Юность в Железнодольске
Шрифт:
Саня Колыванов достал из пачки папиросу «Прибой» и прятал ее в рукаве фуфайки, стесняясь закурить при женщинах. Когда он в счастливом состоянии: выигрывает ли голубей, осадит ли чужака, сделает ли кому-нибудь что-то доброе, — он всегда сладко затягивается махорочным или папиросным дымом, растроганно вертит выпуклыми глазами. Я шепнул ему, чтоб он не боялся и закуривал, но он только двинул бровями в сторону женщин и сглотнул слюну.
Лелеся скатывал рулончиком теплый шарф. Как бы разахалась Фаня Айзиковна, увидев сына голошеим!
Радостный Колдунов рассказывал
— Сейчас бы парню шерстяные носки, — вздохнула Дарья. — Мой муж тоже крупный был. Лапищи во! — Отмерила чуть ли не полметра сумеречного барачного воздуха. — До прошлой зимы лежали мужиковы шерстяные носки. Распустила на варежки детям. Может, у кого найдутся носки?
— Нет, — сказала Фаина Мельчаева, заматывая состиранные руки в концы головного платка.

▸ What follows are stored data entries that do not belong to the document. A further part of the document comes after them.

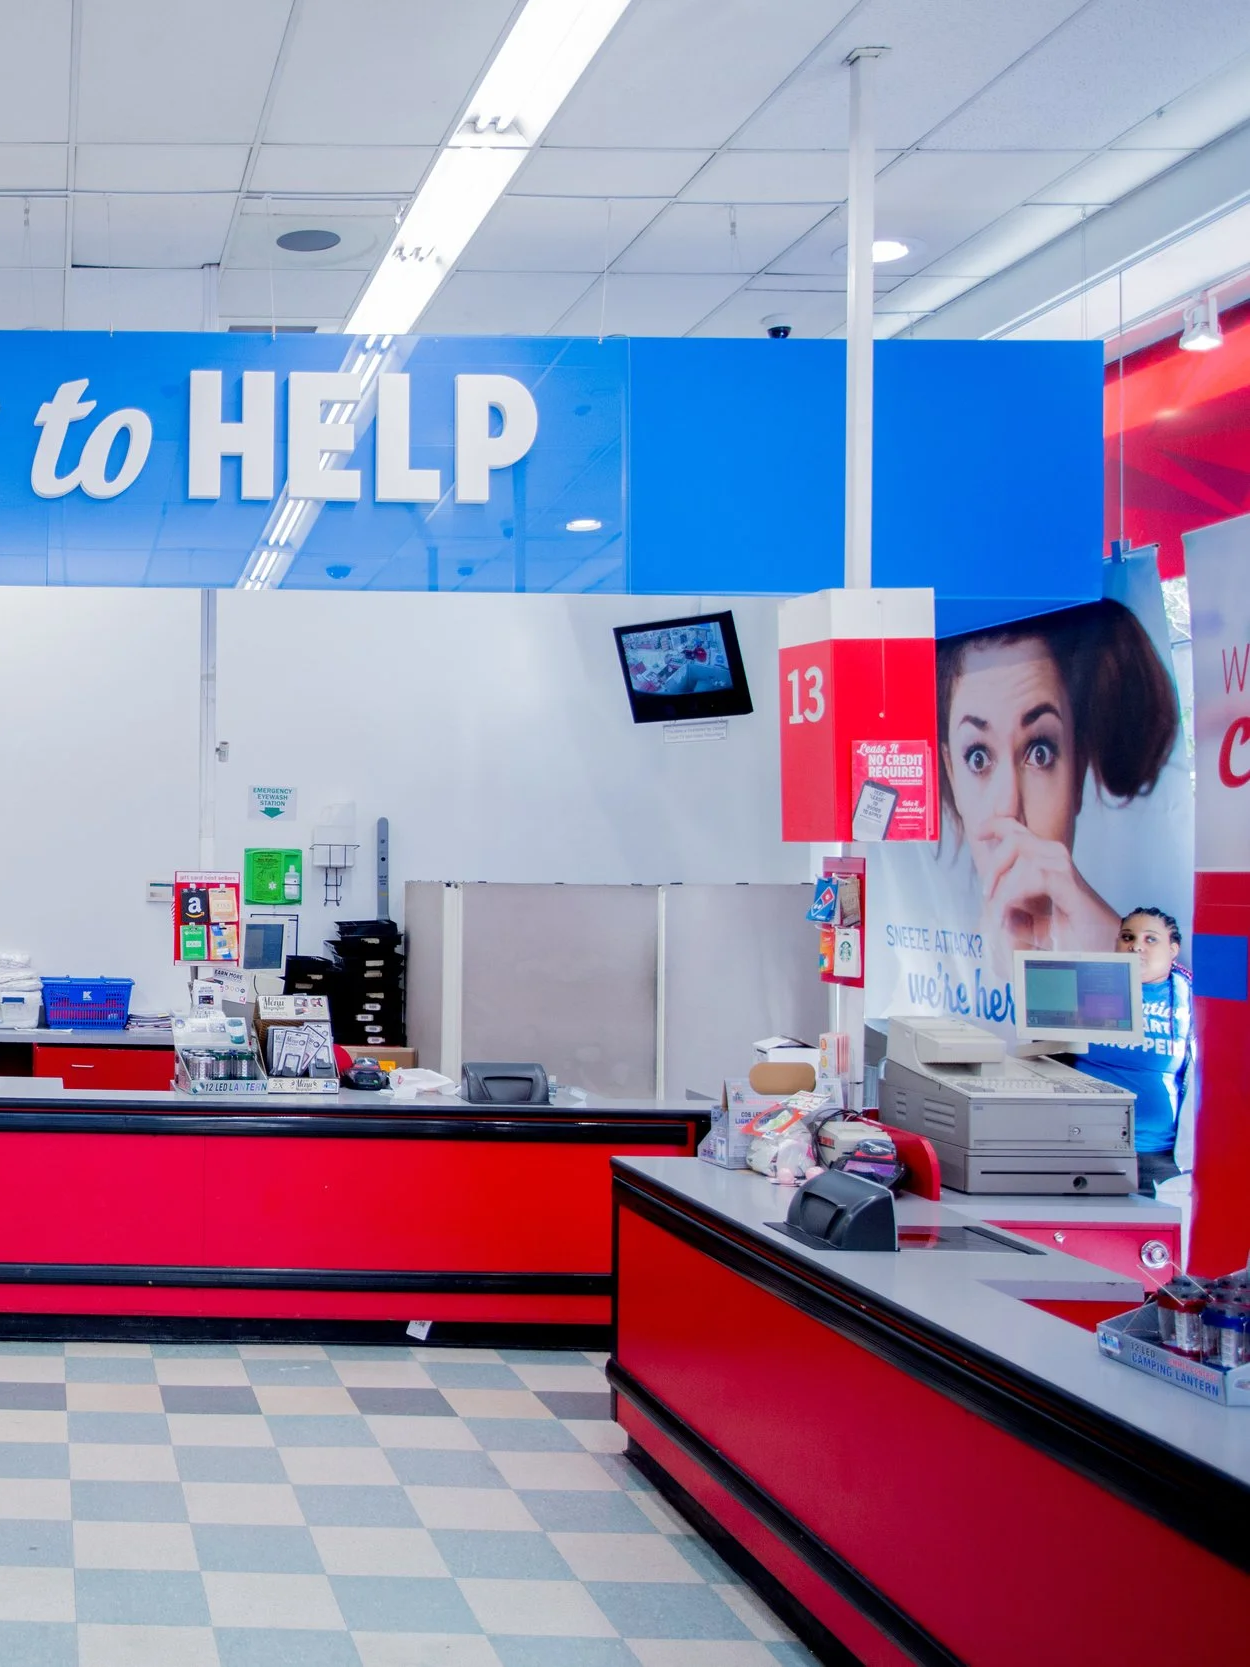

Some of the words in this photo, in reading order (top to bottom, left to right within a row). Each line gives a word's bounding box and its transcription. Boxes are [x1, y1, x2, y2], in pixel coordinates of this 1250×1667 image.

[30, 378, 152, 500] to
[188, 370, 538, 504] HELP
[787, 665, 825, 724] 13
[856, 743, 887, 757] Lease
[888, 743, 899, 753] It
[868, 754, 884, 766] NO
[886, 754, 923, 766] CREDIT
[868, 766, 923, 778] REQUIRED
[253, 787, 292, 795] EMERGENCY
[188, 897, 202, 913] a
[886, 924, 930, 951] SNEEZE
[934, 930, 983, 958] ATTACK?
[214, 969, 228, 977] EARN
[229, 972, 243, 980] MORE
[907, 961, 970, 1015] we're
[230, 1083, 267, 1092] LANTERN
[1141, 1346, 1156, 1358] LED
[1131, 1352, 1173, 1378] CAMPING
[1175, 1371, 1220, 1397] LANTERN
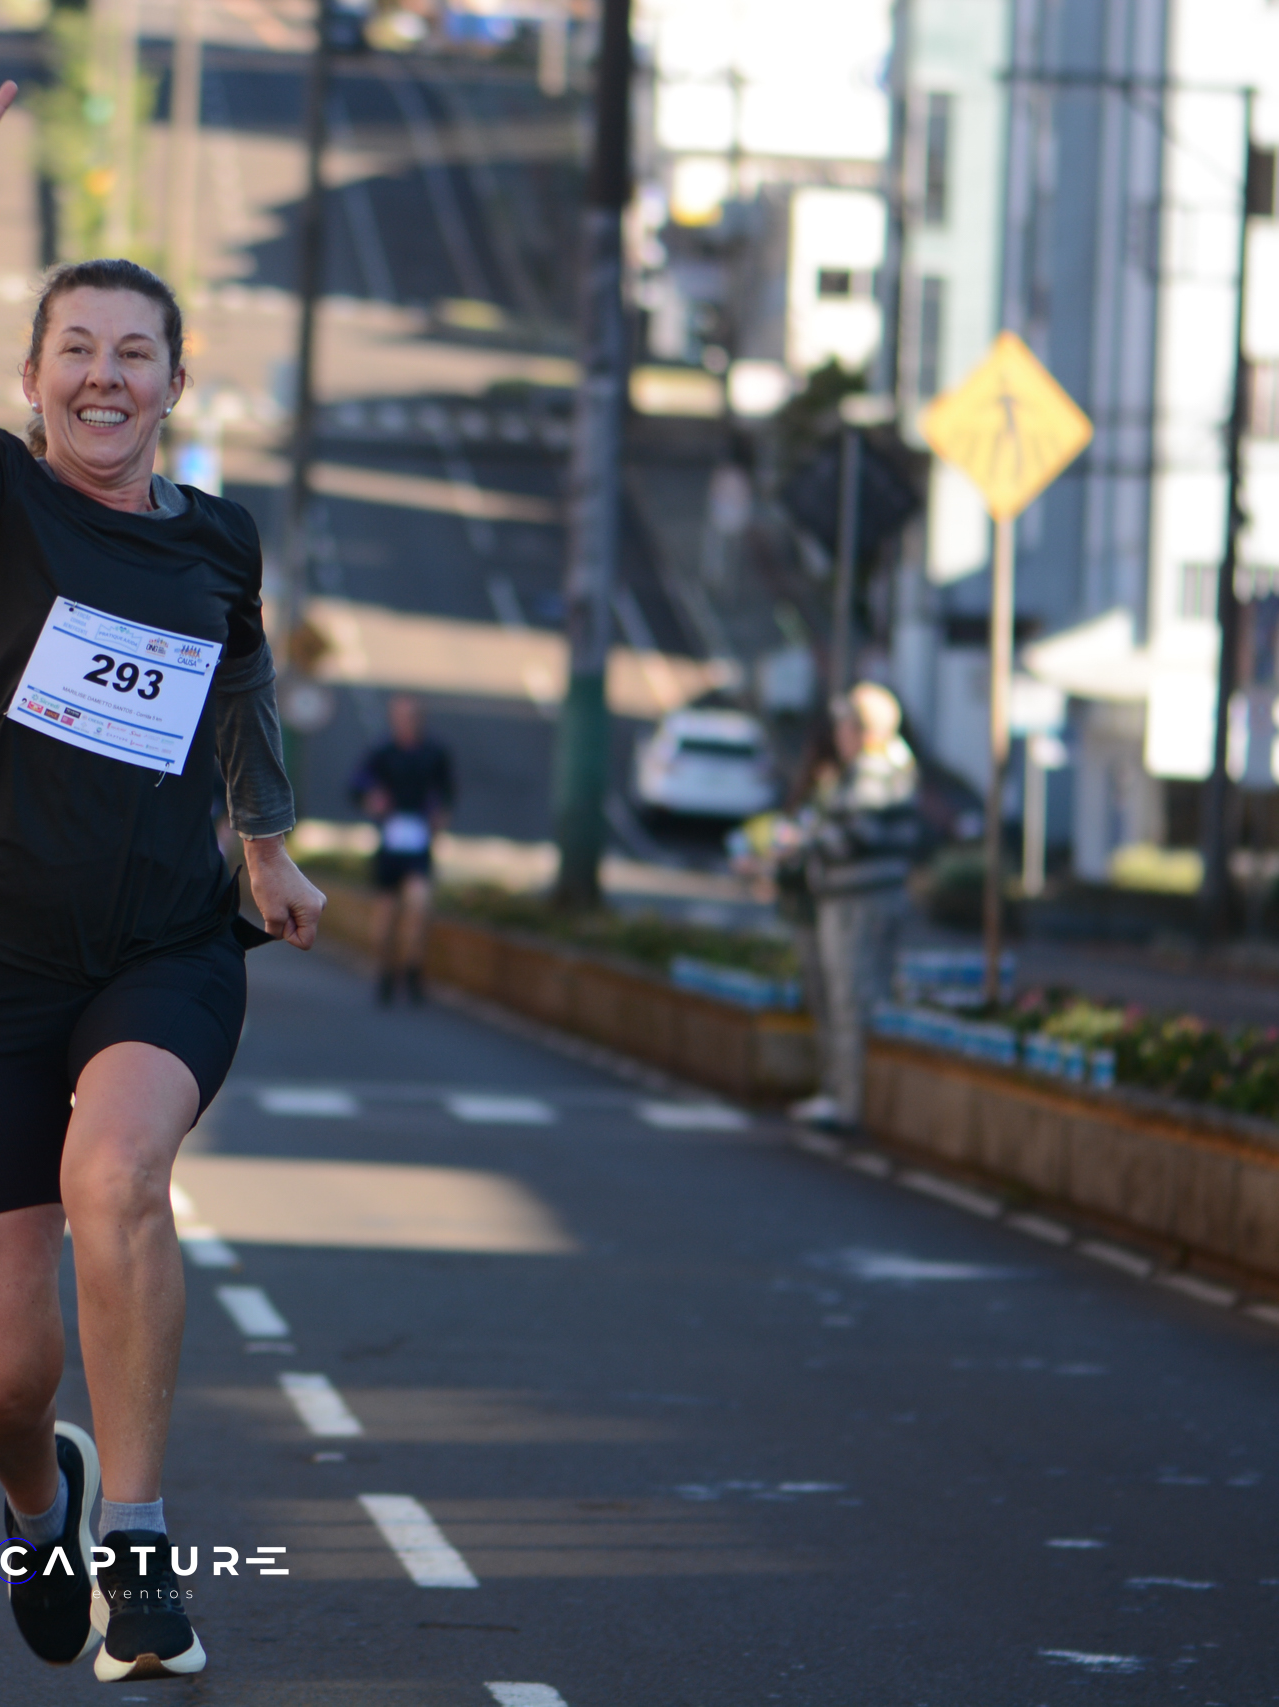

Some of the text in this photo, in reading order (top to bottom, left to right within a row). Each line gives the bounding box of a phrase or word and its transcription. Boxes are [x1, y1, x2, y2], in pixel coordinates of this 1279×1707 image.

[177, 656, 197, 668] CAUSA
[83, 653, 164, 701] 293
[112, 704, 133, 715] SANTOS
[136, 711, 152, 720] Corrida

Женщины завели казаха в комнату Дарьи Нечистой Половины... Там стащили с него янтарно-рыжий треух и фуфайку. В комнату набилось великое множество мальчишек и девчонок, однако Дарья выдворила всех в коридор, кроме Сани, Колдунова, Лелеся и меня. Спирт закрывал донце четвертинки на палец. Фаина развела спирт водой, слила в жестяную кружку, заставила казаха выпить. Он задохнулся и долго кашлял, потом захмелел. Виновато-благодарно вглядывался в лица присутствующих. Вдумчиво осматривал комнатное убранство: тощие кровати, лавку, умывальник, отштампованный из красной меди, грубо сколоченный табурет, ядовито-синий от кобальтовой краски стол. Вероятно, он пытался постичь это несоответствие между обстановкой жилища и заботливостью многодетной женщины, обежавшей все барачные комнаты в поисках еды для него.

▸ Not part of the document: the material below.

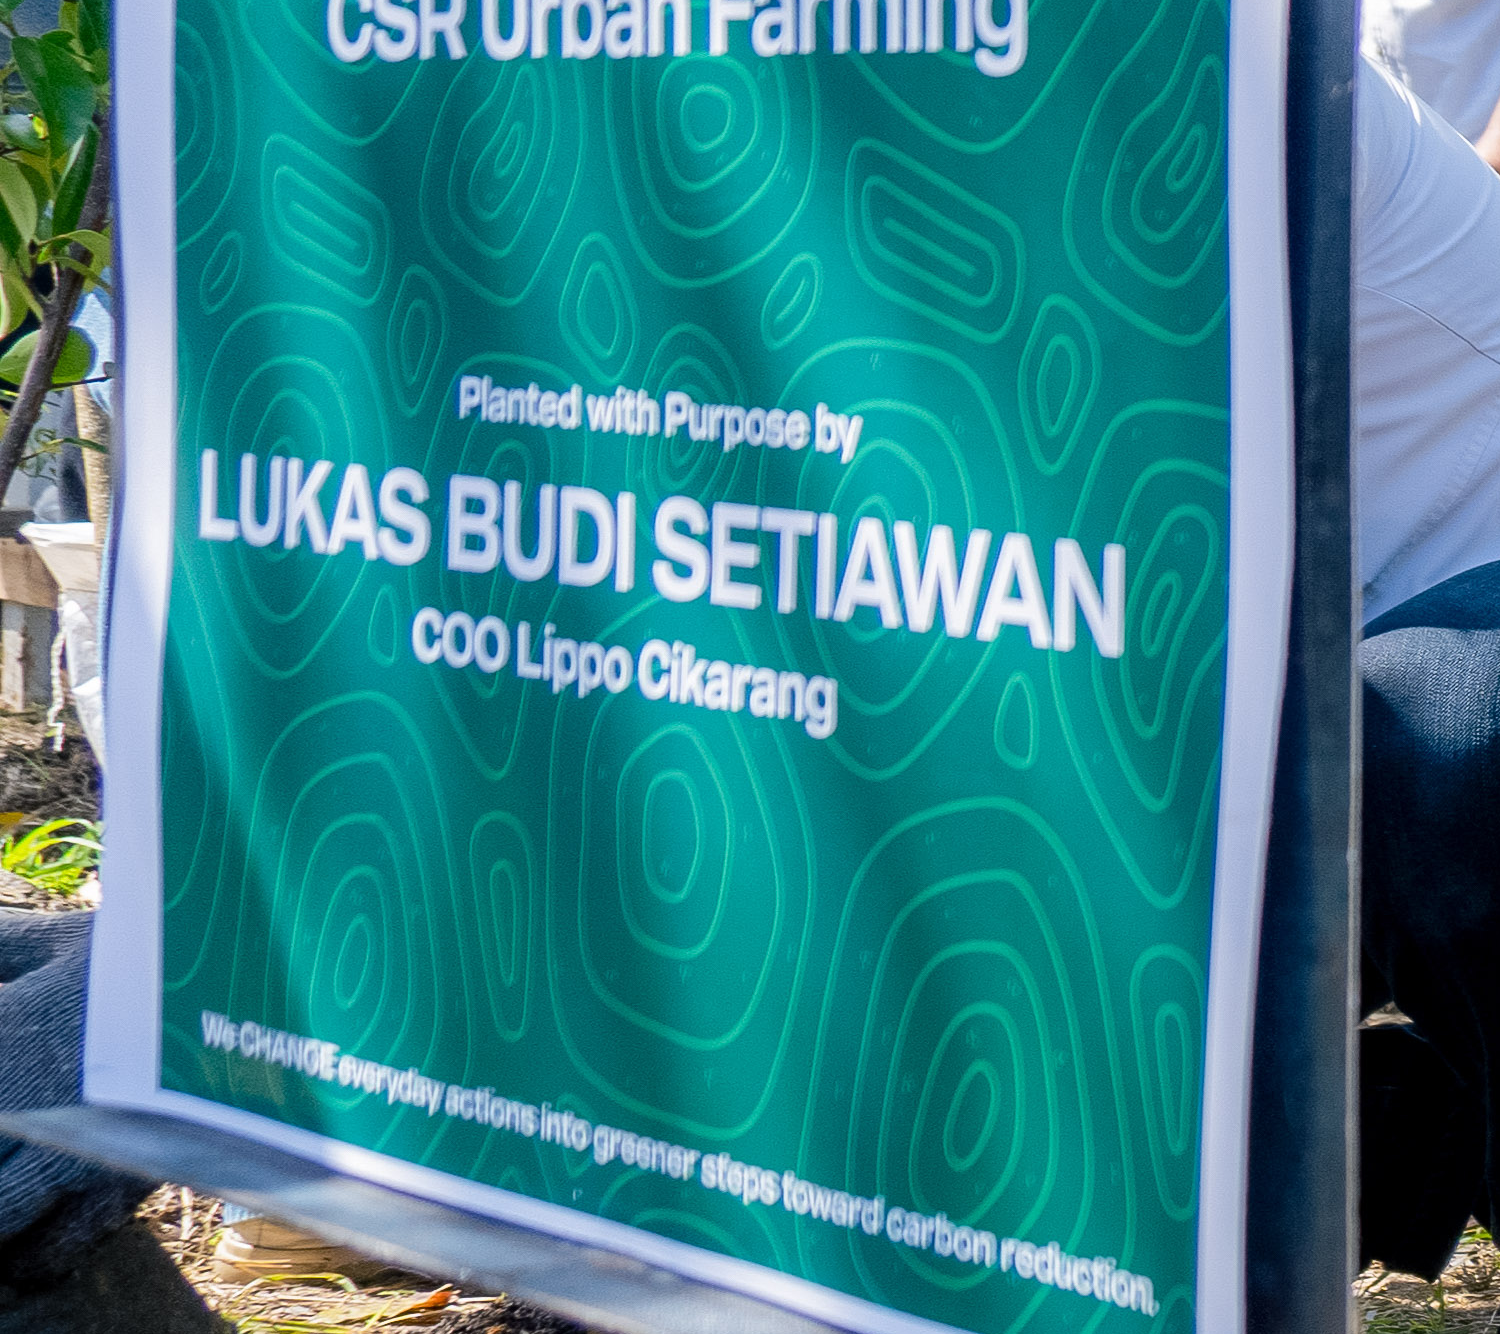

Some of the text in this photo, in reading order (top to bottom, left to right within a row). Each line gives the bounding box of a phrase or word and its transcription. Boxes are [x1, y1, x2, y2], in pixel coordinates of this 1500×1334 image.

Он съел печенные в поддувале картофелины, вяленого карасика, половник салмы — кругляков теста, сваренных в воде, — вычерпал ложечкой и выскреб хлебной коркой граненый стакан розового кислого молока. Фаина Мельчаева, склонившись над печью, кусала сахарными щипцами плитку закаменелого черного чая, и крупинки падали в парящий кратер эмалированного кофейника.
Казах показывал на плитку чая и прищелкивал языком.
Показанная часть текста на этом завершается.